What is being asked —
Your answer should be the full set of records, printed exactly as they stand.

Records supplied —
►
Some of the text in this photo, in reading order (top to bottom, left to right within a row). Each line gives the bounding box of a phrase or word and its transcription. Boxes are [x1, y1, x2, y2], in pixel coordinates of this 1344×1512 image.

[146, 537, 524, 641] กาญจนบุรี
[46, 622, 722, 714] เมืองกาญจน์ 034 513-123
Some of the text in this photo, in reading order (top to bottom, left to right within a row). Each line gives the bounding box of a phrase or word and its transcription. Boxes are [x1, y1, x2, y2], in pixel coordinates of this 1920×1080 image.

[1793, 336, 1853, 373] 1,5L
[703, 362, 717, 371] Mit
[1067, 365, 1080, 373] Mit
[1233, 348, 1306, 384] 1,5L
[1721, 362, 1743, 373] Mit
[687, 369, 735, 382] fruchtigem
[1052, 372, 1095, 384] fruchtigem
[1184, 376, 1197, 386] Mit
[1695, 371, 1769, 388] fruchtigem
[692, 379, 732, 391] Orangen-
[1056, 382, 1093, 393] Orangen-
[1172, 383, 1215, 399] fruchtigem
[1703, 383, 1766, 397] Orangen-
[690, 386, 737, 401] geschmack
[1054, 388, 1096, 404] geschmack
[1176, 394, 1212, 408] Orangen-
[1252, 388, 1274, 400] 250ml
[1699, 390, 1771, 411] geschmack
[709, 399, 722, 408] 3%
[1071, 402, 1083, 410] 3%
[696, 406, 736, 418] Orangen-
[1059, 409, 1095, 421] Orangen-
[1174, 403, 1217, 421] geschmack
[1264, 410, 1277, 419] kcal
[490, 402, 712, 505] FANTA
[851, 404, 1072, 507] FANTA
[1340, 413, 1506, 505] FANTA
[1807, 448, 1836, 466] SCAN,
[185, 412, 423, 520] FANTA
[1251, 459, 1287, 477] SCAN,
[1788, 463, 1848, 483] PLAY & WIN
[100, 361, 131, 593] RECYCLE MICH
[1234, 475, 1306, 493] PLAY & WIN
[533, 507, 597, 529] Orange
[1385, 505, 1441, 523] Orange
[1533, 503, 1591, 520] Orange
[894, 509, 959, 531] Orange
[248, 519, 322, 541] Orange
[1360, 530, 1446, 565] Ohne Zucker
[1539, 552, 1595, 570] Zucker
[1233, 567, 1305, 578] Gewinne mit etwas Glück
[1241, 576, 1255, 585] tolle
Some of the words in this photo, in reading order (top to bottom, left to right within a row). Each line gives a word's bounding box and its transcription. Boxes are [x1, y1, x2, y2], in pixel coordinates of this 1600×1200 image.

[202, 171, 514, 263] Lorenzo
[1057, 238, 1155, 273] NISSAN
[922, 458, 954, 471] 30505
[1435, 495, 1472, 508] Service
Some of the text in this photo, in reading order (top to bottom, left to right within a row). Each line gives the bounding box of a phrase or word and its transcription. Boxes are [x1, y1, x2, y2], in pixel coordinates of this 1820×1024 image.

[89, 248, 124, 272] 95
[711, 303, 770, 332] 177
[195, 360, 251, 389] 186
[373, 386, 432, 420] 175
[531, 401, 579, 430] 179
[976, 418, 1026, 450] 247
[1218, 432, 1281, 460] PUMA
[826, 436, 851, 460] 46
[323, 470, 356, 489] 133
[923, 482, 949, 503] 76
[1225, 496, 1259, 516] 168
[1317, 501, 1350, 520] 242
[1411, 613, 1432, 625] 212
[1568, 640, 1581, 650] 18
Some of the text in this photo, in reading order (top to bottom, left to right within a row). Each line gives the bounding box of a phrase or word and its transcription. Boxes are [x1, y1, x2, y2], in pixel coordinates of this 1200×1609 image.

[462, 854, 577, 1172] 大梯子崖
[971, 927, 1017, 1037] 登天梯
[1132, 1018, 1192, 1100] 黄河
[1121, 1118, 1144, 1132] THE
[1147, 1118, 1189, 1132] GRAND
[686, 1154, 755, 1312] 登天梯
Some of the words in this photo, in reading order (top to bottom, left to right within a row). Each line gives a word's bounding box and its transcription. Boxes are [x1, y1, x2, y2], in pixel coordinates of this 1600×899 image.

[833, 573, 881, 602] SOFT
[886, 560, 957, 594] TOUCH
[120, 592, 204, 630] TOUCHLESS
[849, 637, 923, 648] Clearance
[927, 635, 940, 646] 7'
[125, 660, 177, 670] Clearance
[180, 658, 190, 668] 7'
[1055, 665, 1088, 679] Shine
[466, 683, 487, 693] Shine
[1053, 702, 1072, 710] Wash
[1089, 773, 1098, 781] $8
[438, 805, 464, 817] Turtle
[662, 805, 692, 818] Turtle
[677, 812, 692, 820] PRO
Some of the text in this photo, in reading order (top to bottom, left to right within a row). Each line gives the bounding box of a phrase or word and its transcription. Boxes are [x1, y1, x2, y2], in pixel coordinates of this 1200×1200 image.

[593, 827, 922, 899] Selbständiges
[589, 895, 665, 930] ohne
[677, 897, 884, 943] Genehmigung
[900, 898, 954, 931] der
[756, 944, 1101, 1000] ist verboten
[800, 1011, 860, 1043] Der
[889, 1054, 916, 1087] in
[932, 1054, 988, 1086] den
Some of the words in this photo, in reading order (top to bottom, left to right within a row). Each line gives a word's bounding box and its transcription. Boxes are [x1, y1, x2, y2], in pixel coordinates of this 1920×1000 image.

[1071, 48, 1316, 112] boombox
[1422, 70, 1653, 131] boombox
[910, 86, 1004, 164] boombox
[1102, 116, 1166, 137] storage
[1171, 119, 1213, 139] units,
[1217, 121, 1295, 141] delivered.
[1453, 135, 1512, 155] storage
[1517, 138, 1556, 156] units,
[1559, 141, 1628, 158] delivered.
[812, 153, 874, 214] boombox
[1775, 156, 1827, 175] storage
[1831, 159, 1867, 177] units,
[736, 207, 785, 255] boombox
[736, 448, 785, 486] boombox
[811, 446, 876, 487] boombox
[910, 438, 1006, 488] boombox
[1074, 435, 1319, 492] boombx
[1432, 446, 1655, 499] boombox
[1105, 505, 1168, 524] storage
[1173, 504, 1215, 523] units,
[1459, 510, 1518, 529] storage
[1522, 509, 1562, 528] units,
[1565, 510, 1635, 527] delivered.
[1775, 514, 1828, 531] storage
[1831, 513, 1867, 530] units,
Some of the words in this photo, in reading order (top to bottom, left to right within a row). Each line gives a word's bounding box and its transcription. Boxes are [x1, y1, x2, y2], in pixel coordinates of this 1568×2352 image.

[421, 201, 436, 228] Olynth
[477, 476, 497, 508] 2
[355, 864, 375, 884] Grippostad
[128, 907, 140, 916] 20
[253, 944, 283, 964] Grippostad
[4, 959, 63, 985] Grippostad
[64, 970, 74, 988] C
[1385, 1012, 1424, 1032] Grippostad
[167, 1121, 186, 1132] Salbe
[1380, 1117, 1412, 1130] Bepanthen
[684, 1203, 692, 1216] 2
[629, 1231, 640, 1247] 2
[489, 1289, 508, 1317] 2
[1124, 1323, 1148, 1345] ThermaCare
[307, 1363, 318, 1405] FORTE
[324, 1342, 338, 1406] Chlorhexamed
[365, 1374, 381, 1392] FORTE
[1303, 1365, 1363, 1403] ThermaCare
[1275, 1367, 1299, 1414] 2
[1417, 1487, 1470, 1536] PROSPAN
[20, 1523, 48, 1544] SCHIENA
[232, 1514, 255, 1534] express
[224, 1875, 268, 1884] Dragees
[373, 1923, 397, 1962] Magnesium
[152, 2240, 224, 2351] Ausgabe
◄
Task result —
Some of the text in this photo, in reading order (top to bottom, left to right within a row). Each line gives the bounding box of a phrase or word and its transcription. Boxes are [x1, y1, x2, y2], in pixel coordinates of this 1344×1512 image.

[146, 537, 524, 641] กาญจนบุรี
[46, 622, 722, 714] เมืองกาญจน์ 034 513-123
Some of the text in this photo, in reading order (top to bottom, left to right within a row). Each line gives the bounding box of a phrase or word and its transcription. Boxes are [x1, y1, x2, y2], in pixel coordinates of this 1920×1080 image.

[1793, 336, 1853, 373] 1,5L
[703, 362, 717, 371] Mit
[1067, 365, 1080, 373] Mit
[1233, 348, 1306, 384] 1,5L
[1721, 362, 1743, 373] Mit
[687, 369, 735, 382] fruchtigem
[1052, 372, 1095, 384] fruchtigem
[1184, 376, 1197, 386] Mit
[1695, 371, 1769, 388] fruchtigem
[692, 379, 732, 391] Orangen-
[1056, 382, 1093, 393] Orangen-
[1172, 383, 1215, 399] fruchtigem
[1703, 383, 1766, 397] Orangen-
[690, 386, 737, 401] geschmack
[1054, 388, 1096, 404] geschmack
[1176, 394, 1212, 408] Orangen-
[1252, 388, 1274, 400] 250ml
[1699, 390, 1771, 411] geschmack
[709, 399, 722, 408] 3%
[1071, 402, 1083, 410] 3%
[696, 406, 736, 418] Orangen-
[1059, 409, 1095, 421] Orangen-
[1174, 403, 1217, 421] geschmack
[1264, 410, 1277, 419] kcal
[490, 402, 712, 505] FANTA
[851, 404, 1072, 507] FANTA
[1340, 413, 1506, 505] FANTA
[1807, 448, 1836, 466] SCAN,
[185, 412, 423, 520] FANTA
[1251, 459, 1287, 477] SCAN,
[1788, 463, 1848, 483] PLAY & WIN
[100, 361, 131, 593] RECYCLE MICH
[1234, 475, 1306, 493] PLAY & WIN
[533, 507, 597, 529] Orange
[1385, 505, 1441, 523] Orange
[1533, 503, 1591, 520] Orange
[894, 509, 959, 531] Orange
[248, 519, 322, 541] Orange
[1360, 530, 1446, 565] Ohne Zucker
[1539, 552, 1595, 570] Zucker
[1233, 567, 1305, 578] Gewinne mit etwas Glück
[1241, 576, 1255, 585] tolle
Some of the words in this photo, in reading order (top to bottom, left to right within a row). Each line gives a word's bounding box and its transcription. Boxes are [x1, y1, x2, y2], in pixel coordinates of this 1600×1200 image.

[202, 171, 514, 263] Lorenzo
[1057, 238, 1155, 273] NISSAN
[922, 458, 954, 471] 30505
[1435, 495, 1472, 508] Service
Some of the text in this photo, in reading order (top to bottom, left to right within a row). Each line gives the bounding box of a phrase or word and its transcription. Boxes are [x1, y1, x2, y2], in pixel coordinates of this 1820×1024 image.

[89, 248, 124, 272] 95
[711, 303, 770, 332] 177
[195, 360, 251, 389] 186
[373, 386, 432, 420] 175
[531, 401, 579, 430] 179
[976, 418, 1026, 450] 247
[1218, 432, 1281, 460] PUMA
[826, 436, 851, 460] 46
[323, 470, 356, 489] 133
[923, 482, 949, 503] 76
[1225, 496, 1259, 516] 168
[1317, 501, 1350, 520] 242
[1411, 613, 1432, 625] 212
[1568, 640, 1581, 650] 18
Some of the text in this photo, in reading order (top to bottom, left to right within a row). Each line gives the bounding box of a phrase or word and its transcription. Boxes are [x1, y1, x2, y2], in pixel coordinates of this 1200×1609 image.

[462, 854, 577, 1172] 大梯子崖
[971, 927, 1017, 1037] 登天梯
[1132, 1018, 1192, 1100] 黄河
[1121, 1118, 1144, 1132] THE
[1147, 1118, 1189, 1132] GRAND
[686, 1154, 755, 1312] 登天梯
Some of the words in this photo, in reading order (top to bottom, left to right within a row). Each line gives a word's bounding box and its transcription. Boxes are [x1, y1, x2, y2], in pixel coordinates of this 1600×899 image.

[833, 573, 881, 602] SOFT
[886, 560, 957, 594] TOUCH
[120, 592, 204, 630] TOUCHLESS
[849, 637, 923, 648] Clearance
[927, 635, 940, 646] 7'
[125, 660, 177, 670] Clearance
[180, 658, 190, 668] 7'
[1055, 665, 1088, 679] Shine
[466, 683, 487, 693] Shine
[1053, 702, 1072, 710] Wash
[1089, 773, 1098, 781] $8
[438, 805, 464, 817] Turtle
[662, 805, 692, 818] Turtle
[677, 812, 692, 820] PRO
Some of the text in this photo, in reading order (top to bottom, left to right within a row). Each line gives the bounding box of a phrase or word and its transcription. Boxes are [x1, y1, x2, y2], in pixel coordinates of this 1200×1200 image.

[593, 827, 922, 899] Selbständiges
[589, 895, 665, 930] ohne
[677, 897, 884, 943] Genehmigung
[900, 898, 954, 931] der
[756, 944, 1101, 1000] ist verboten
[800, 1011, 860, 1043] Der
[889, 1054, 916, 1087] in
[932, 1054, 988, 1086] den
Some of the words in this photo, in reading order (top to bottom, left to right within a row). Each line gives a word's bounding box and its transcription. Boxes are [x1, y1, x2, y2], in pixel coordinates of this 1920×1000 image.

[1071, 48, 1316, 112] boombox
[1422, 70, 1653, 131] boombox
[910, 86, 1004, 164] boombox
[1102, 116, 1166, 137] storage
[1171, 119, 1213, 139] units,
[1217, 121, 1295, 141] delivered.
[1453, 135, 1512, 155] storage
[1517, 138, 1556, 156] units,
[1559, 141, 1628, 158] delivered.
[812, 153, 874, 214] boombox
[1775, 156, 1827, 175] storage
[1831, 159, 1867, 177] units,
[736, 207, 785, 255] boombox
[736, 448, 785, 486] boombox
[811, 446, 876, 487] boombox
[910, 438, 1006, 488] boombox
[1074, 435, 1319, 492] boombx
[1432, 446, 1655, 499] boombox
[1105, 505, 1168, 524] storage
[1173, 504, 1215, 523] units,
[1459, 510, 1518, 529] storage
[1522, 509, 1562, 528] units,
[1565, 510, 1635, 527] delivered.
[1775, 514, 1828, 531] storage
[1831, 513, 1867, 530] units,
Some of the words in this photo, in reading order (top to bottom, left to right within a row). Each line gives a word's bounding box and its transcription. Boxes are [x1, y1, x2, y2], in pixel coordinates of this 1568×2352 image.

[421, 201, 436, 228] Olynth
[477, 476, 497, 508] 2
[355, 864, 375, 884] Grippostad
[128, 907, 140, 916] 20
[253, 944, 283, 964] Grippostad
[4, 959, 63, 985] Grippostad
[64, 970, 74, 988] C
[1385, 1012, 1424, 1032] Grippostad
[167, 1121, 186, 1132] Salbe
[1380, 1117, 1412, 1130] Bepanthen
[684, 1203, 692, 1216] 2
[629, 1231, 640, 1247] 2
[489, 1289, 508, 1317] 2
[1124, 1323, 1148, 1345] ThermaCare
[307, 1363, 318, 1405] FORTE
[324, 1342, 338, 1406] Chlorhexamed
[365, 1374, 381, 1392] FORTE
[1303, 1365, 1363, 1403] ThermaCare
[1275, 1367, 1299, 1414] 2
[1417, 1487, 1470, 1536] PROSPAN
[20, 1523, 48, 1544] SCHIENA
[232, 1514, 255, 1534] express
[224, 1875, 268, 1884] Dragees
[373, 1923, 397, 1962] Magnesium
[152, 2240, 224, 2351] Ausgabe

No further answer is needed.